[Annotated photo localization data]
········

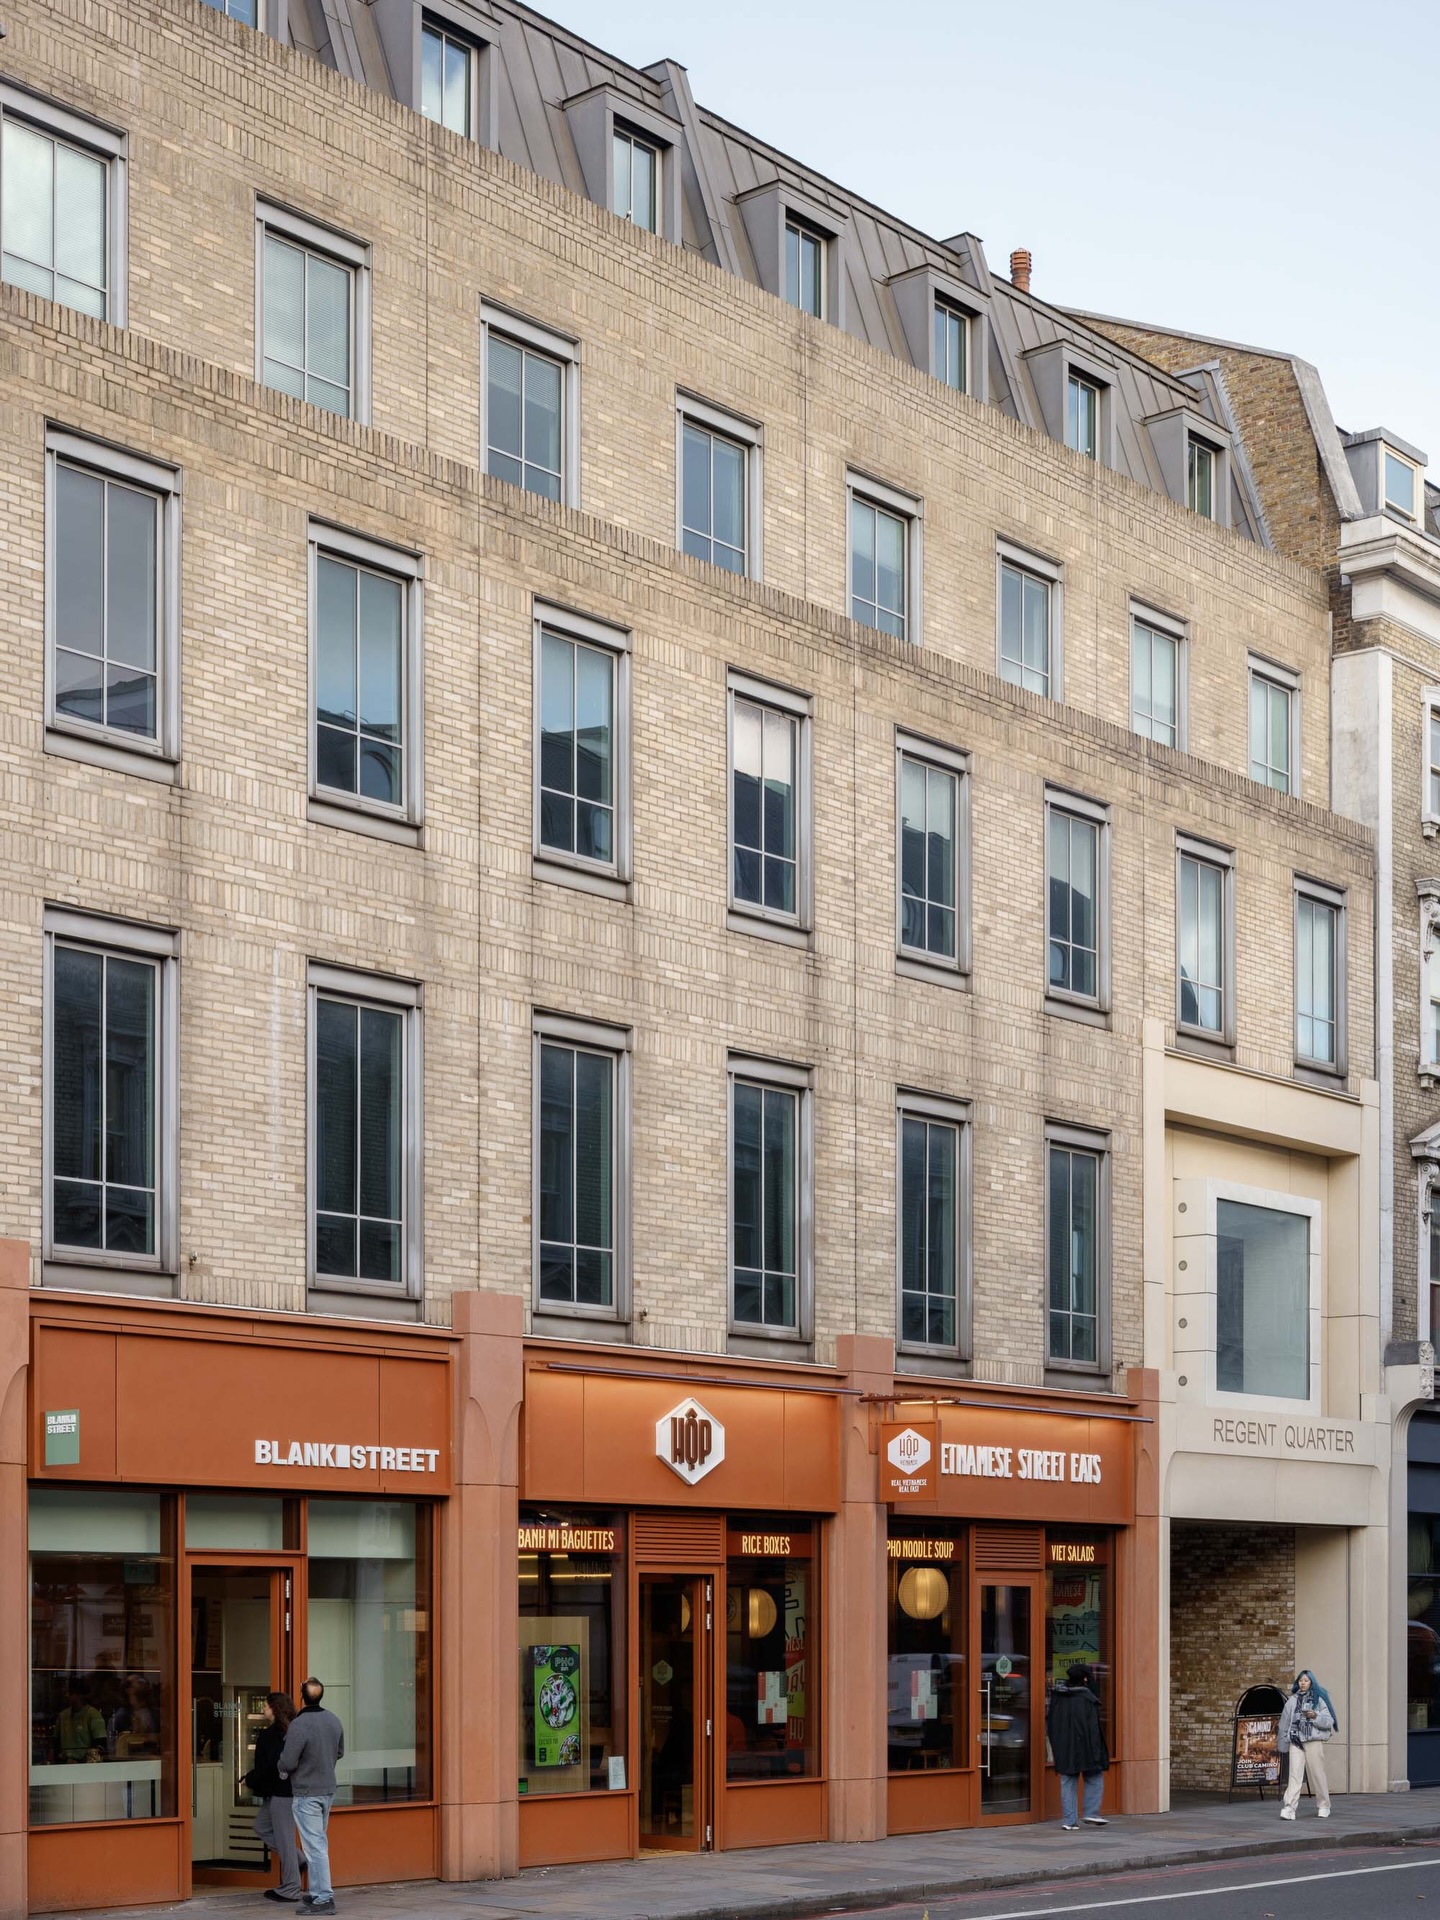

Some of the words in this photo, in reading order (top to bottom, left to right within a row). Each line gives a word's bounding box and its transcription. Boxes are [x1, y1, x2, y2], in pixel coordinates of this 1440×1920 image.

[47, 1415, 72, 1424] BLANK
[47, 1424, 76, 1433] STREET
[1213, 1419, 1277, 1446] REGENT
[1284, 1425, 1354, 1452] QUARTER
[255, 1440, 335, 1467] BLANK
[351, 1445, 440, 1472] STREET
[941, 1443, 1013, 1478] ETNAMESE
[1017, 1449, 1066, 1480] STREET
[1070, 1453, 1101, 1484] EATS
[518, 1528, 546, 1549] BANH
[548, 1529, 559, 1549] MI
[561, 1529, 614, 1550] BAGUETTES
[742, 1535, 762, 1554] RICE
[763, 1536, 791, 1555] BOXES
[886, 1540, 901, 1557] PHO
[903, 1540, 933, 1558] NOODLE
[934, 1541, 954, 1558] SOUP
[1051, 1545, 1066, 1561] VIET
[1067, 1545, 1095, 1562] SALADS
[213, 1710, 242, 1718] STREE
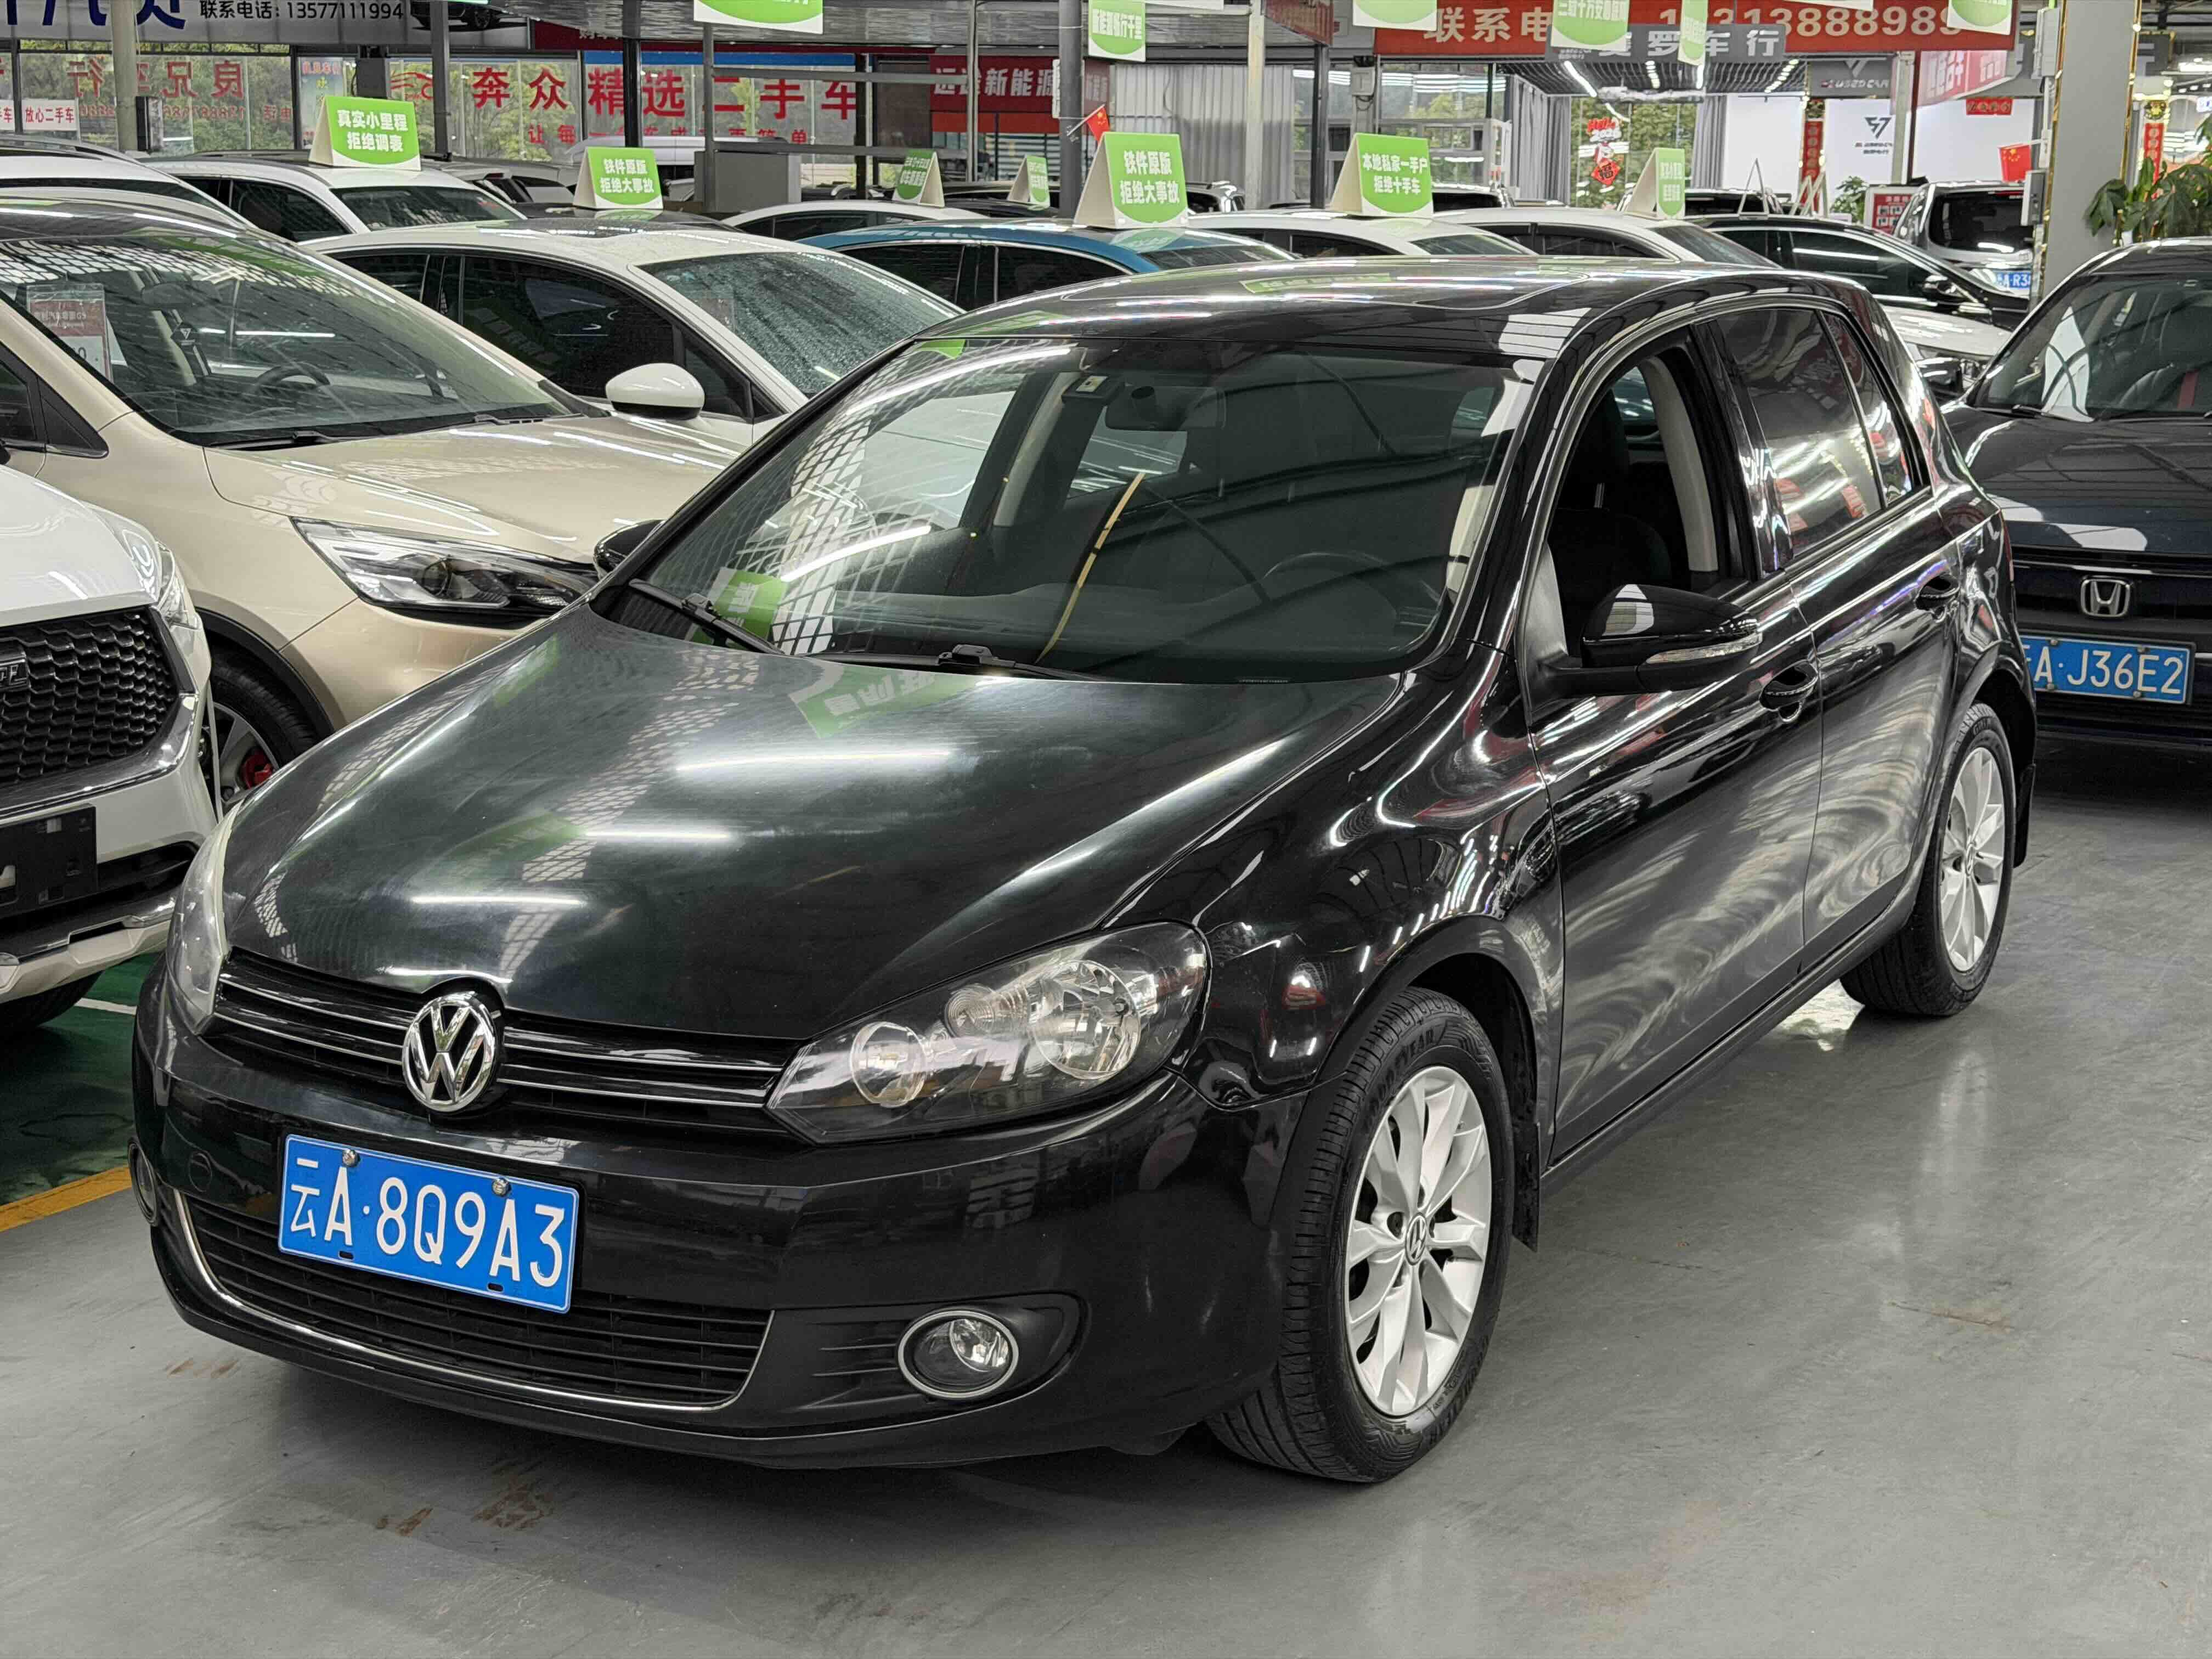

········

PROBLEM DETAILS:
Now transcribe all the entries above exactly, so that no picture is carried over.

ANSWER TO THIS EXERCISE:
Some of the words in this photo, in reading order (top to bottom, left to right within a row). Each line gives a word's bounding box and its transcription. Boxes are [x1, y1, x2, y2], in pixel coordinates of this 1440×1920 image.

[47, 1415, 72, 1424] BLANK
[47, 1424, 76, 1433] STREET
[1213, 1419, 1277, 1446] REGENT
[1284, 1425, 1354, 1452] QUARTER
[255, 1440, 335, 1467] BLANK
[351, 1445, 440, 1472] STREET
[941, 1443, 1013, 1478] ETNAMESE
[1017, 1449, 1066, 1480] STREET
[1070, 1453, 1101, 1484] EATS
[518, 1528, 546, 1549] BANH
[548, 1529, 559, 1549] MI
[561, 1529, 614, 1550] BAGUETTES
[742, 1535, 762, 1554] RICE
[763, 1536, 791, 1555] BOXES
[886, 1540, 901, 1557] PHO
[903, 1540, 933, 1558] NOODLE
[934, 1541, 954, 1558] SOUP
[1051, 1545, 1066, 1561] VIET
[1067, 1545, 1095, 1562] SALADS
[213, 1710, 242, 1718] STREE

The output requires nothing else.